Correio Braziliense
postado em 05/02/2020 04:25
A prisão preventiva, nessa nova quadra da história, tem sido um marco do novo sistema processual penal voltado aos anseios populares do punitivismo, e parece estar ditando um novo rumo no direito penal, consagrando-se como regra quando deveria ser a exceção. Perderam importância os seus requisitos legais, e pouca atenção é dada aos seus fundamentos, eis que estes nem mais subsistem por ocasião da segregação cautelar na vasta maioria dos casos. O fato é que a grande repercussão midiática transformou-se em indicativo supralegal da sua necessidade.
Ao analisarmos grande parte das decisões, parece que se estabeleceu uma espécie de arte divinatória, ou seja, uma previsão sem qualquer métrica de probabilidade de que o suspeito solto poderia interferir no andamento da instrução probatória. Na era do justiçamento, prende-se cautelarmente por fatos há muito ocorridos, em absoluta dissonância da exigência de contemporaneidade com os fatos que ensejaram a prisão.
De outro lado, as cautelares alternativas à prisão praticamente foram esquecidas — embora tenham sido legalmente reforçadas há poucos anos. Prefere-se prender do que as aplicar, quando o correto seria o inverso. Em que pese a Constituição Federal traga em seu bojo o princípio da presunção de inocência, não é o que as decisões têm refletido. A prisão preventiva deve ser imposta quando se esgotarem as possiblidades das cautelares diversas da prisão, e isso é (ainda mais) explicitado com o início da vigência da Lei nº 13.964/2019.
É que até as alterações promovidas pela nova lei, a possibilidade de revisão de decisões de prisão cautelar esbarrava na amplitude e imprecisão dos conceitos legalmente insculpidos. Exigia-se meramente que a decisão de prisão fosse fundamentada, o que obrigou os tribunais superiores a lançarem mão do conceito de fundamentação idônea, mas que, dada a amplitude conceitual, não resolveu o problema.
A Lei 13.964/2019, entretanto, passou a complementar os conceitos abstratos, referindo-se expressamente ao tipo de fundamentação que a decisão que decreta uma prisão preventiva deve contemplar.

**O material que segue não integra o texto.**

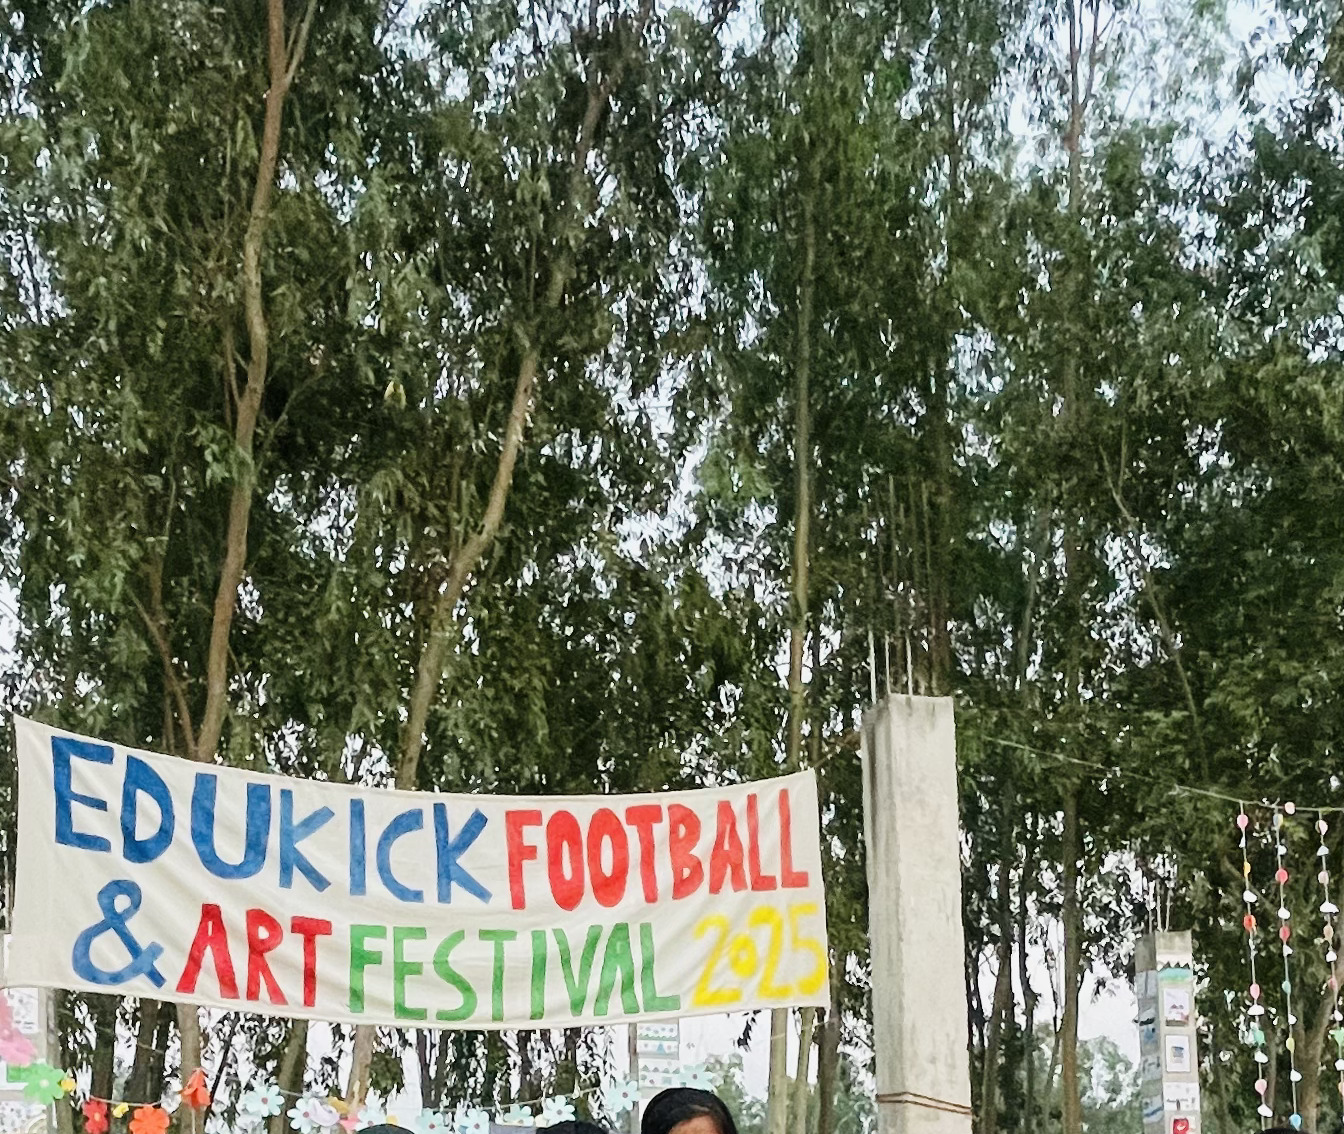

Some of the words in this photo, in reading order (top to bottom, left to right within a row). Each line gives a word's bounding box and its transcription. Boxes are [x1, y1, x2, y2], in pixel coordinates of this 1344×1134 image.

É o caso da nova redação dada ao § 2º do artigo 312 do Código de Processo Penal, que exige que a decisão seja fundamentada no “receio de perigo e existência concreta de fatos novos ou contemporâneos que justifiquem a aplicação da medida adotada”. E ao textualmente expressar o óbvio ululante, muitas decisões descabidas poderão ser mais fácil e rapidamente revistas pelos tribunais.
É claro que a lei não pode prever todos os tipos de fundamentações possíveis, até porque esse não é o papel da legislação processual penal, devido aos mais variados desdobramentos passíveis de ocorrer em uma investigação ou processo. Sabedores dessa impossibilidade, foram muitos felizes os propositores e estudiosos por trás da novel legislação ao prever, então, o que não pode ser tomado por fundamentação adequada.
Em seis incisos, a prisão preventiva não poderá mais ser decretada sem que seja efetivamente analisado o caso concreto, exigindo, inclusive, que seja demonstrado o motivo pelo qual eventual precedente de tribunais contrário à conclusão do magistrado não seja aplicável ao caso sob judice. Havendo identidade fático-jurídica entre casos, não é possível que haja decisões absolutamente opostas. A velha frase de “cada cabeça, uma sentença” deve encontrar certos limites, pois, do contrário, reforça a insegurança jurídica em que vivemos, que afeta não só investigados e o direito penal, mas culmina por afastar até mesmo investimentos, dada a disparidade que reina quanto ao resultado de demandas idênticas.
Nesse sentido, em recente entrevista, o ministro do Superior Tribunal de Justiça Sebastião Júnior alertou que é preciso acabar com a ânsia de vingança que leva ao atropelo de entendimentos e, enfaticamente, se manifestou favoravelmente às medidas cautelares alternativas à prisão. Alertou o ministro, ainda, que se parte de uma premissa equivocada na qual o indivíduo investigado é automaticamente culpado. Esses fatos demonstram um entendimento perverso e contrário à Constituição Federal, que prevê, como referido, a presunção da inocência.
Uma decisão com aparência de legalidade é tão autoritária quanto aquela sem qualquer fundamento legal, e, ao se tratar de prisão sem qualquer indicativo próximo de condenação, em muito o atual momento assemelha-se à época ditatorial. Quiçá agora, com a sanção de uma lei sob a égide de um novo governo e de um Congresso remodelado, as regras quanto à prisão cautelar inseridas no que se denominou “pacote anticrime” levem a prisão cautelar ao seu devido lugar processual: o final da fila.